::: Available records :::

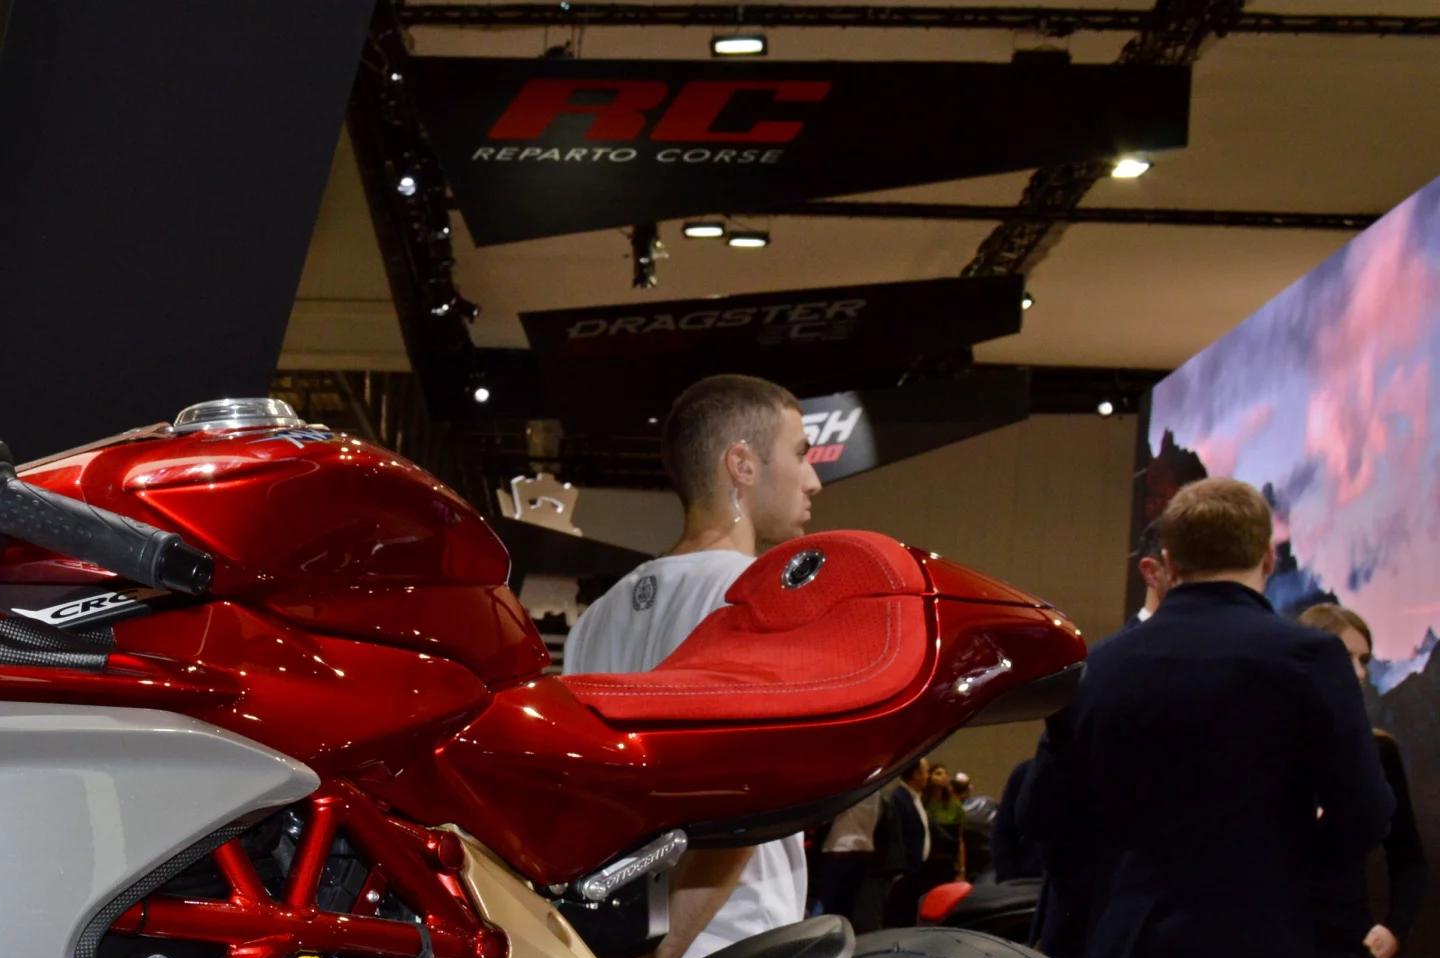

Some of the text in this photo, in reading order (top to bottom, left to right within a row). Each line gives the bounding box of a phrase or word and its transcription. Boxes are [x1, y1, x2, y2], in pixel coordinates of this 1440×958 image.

[487, 77, 832, 143] RC
[471, 146, 785, 164] REPARTO CORSE
[567, 297, 868, 340] DRAGSTER
[801, 406, 863, 446] SH
[50, 588, 140, 619] CRC
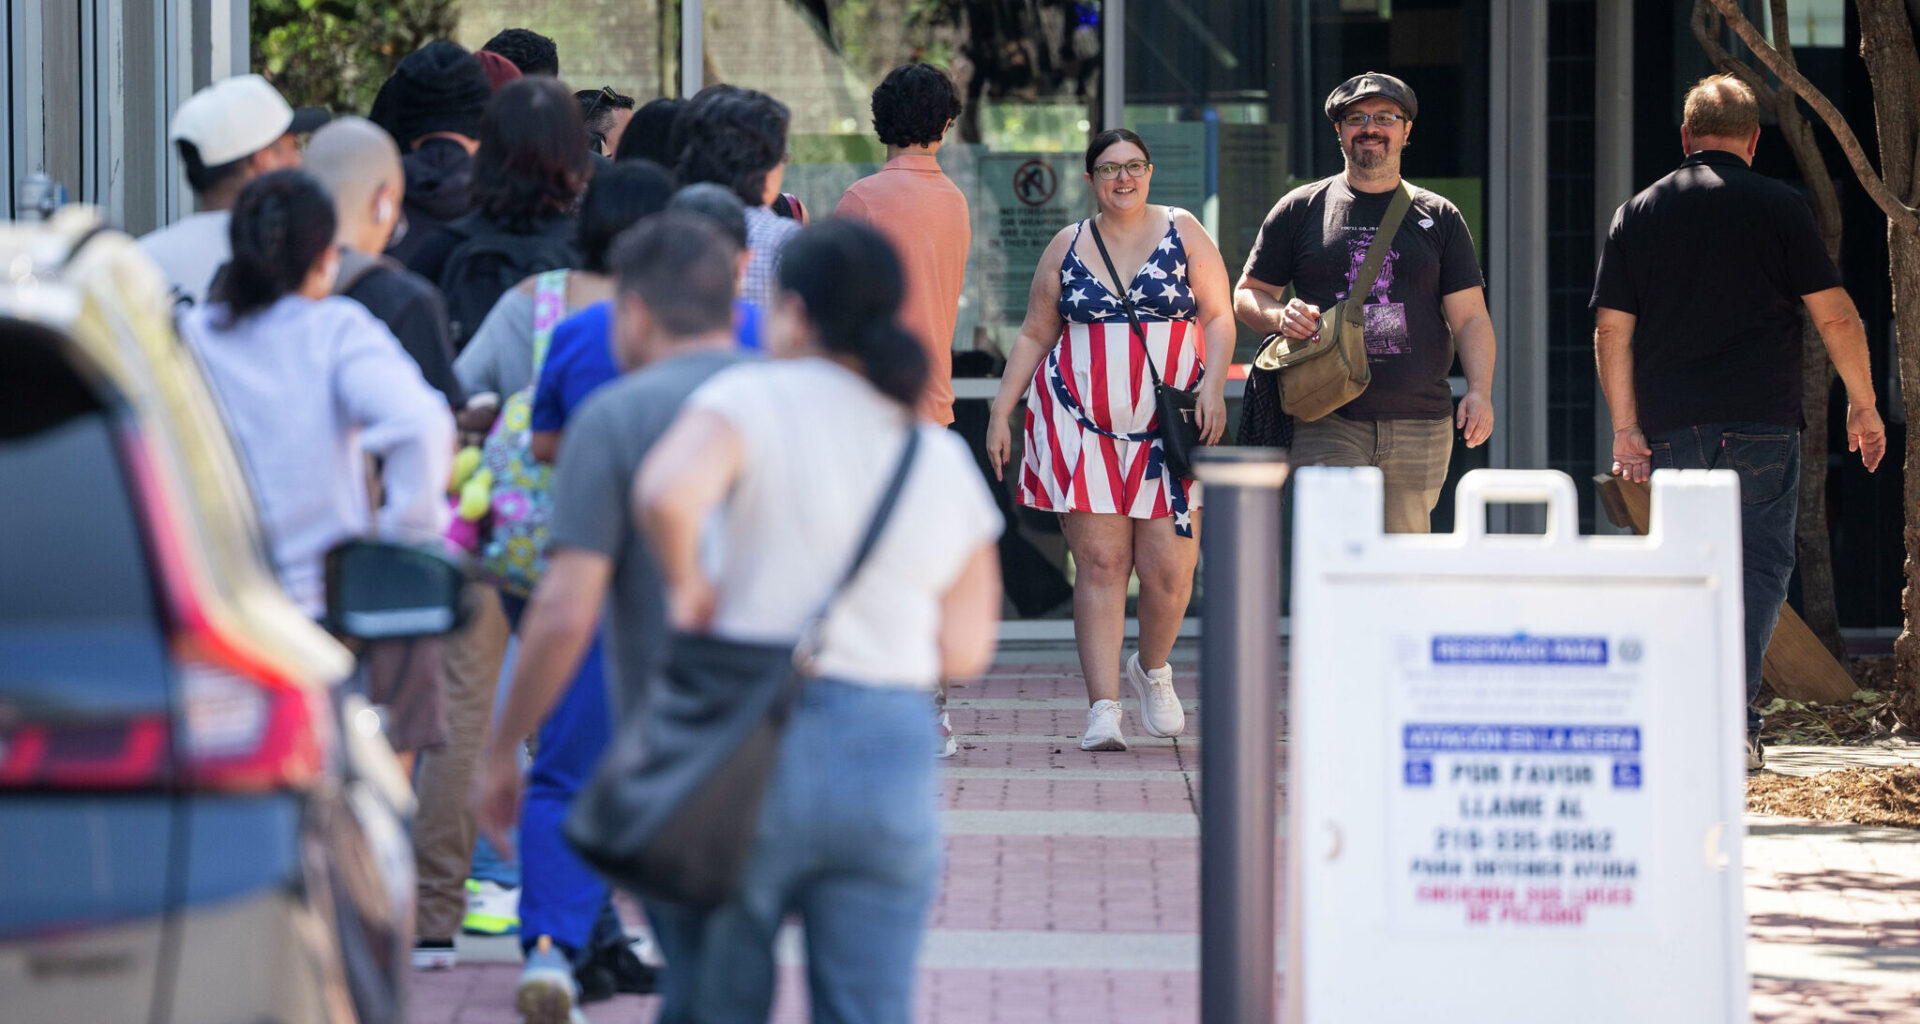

:::

About this exercise - Return each entry exactly as it stands above, apart from any images.

Written response -
Some of the text in this photo, in reading order (top to bottom, left to right within a row). Each line gives the bounding box of a phrase or word and its transcription. Boxes are [x1, y1, x2, y2], in pixel coordinates of this 1440×958 image.

[487, 77, 832, 143] RC
[471, 146, 785, 164] REPARTO CORSE
[567, 297, 868, 340] DRAGSTER
[801, 406, 863, 446] SH
[50, 588, 140, 619] CRC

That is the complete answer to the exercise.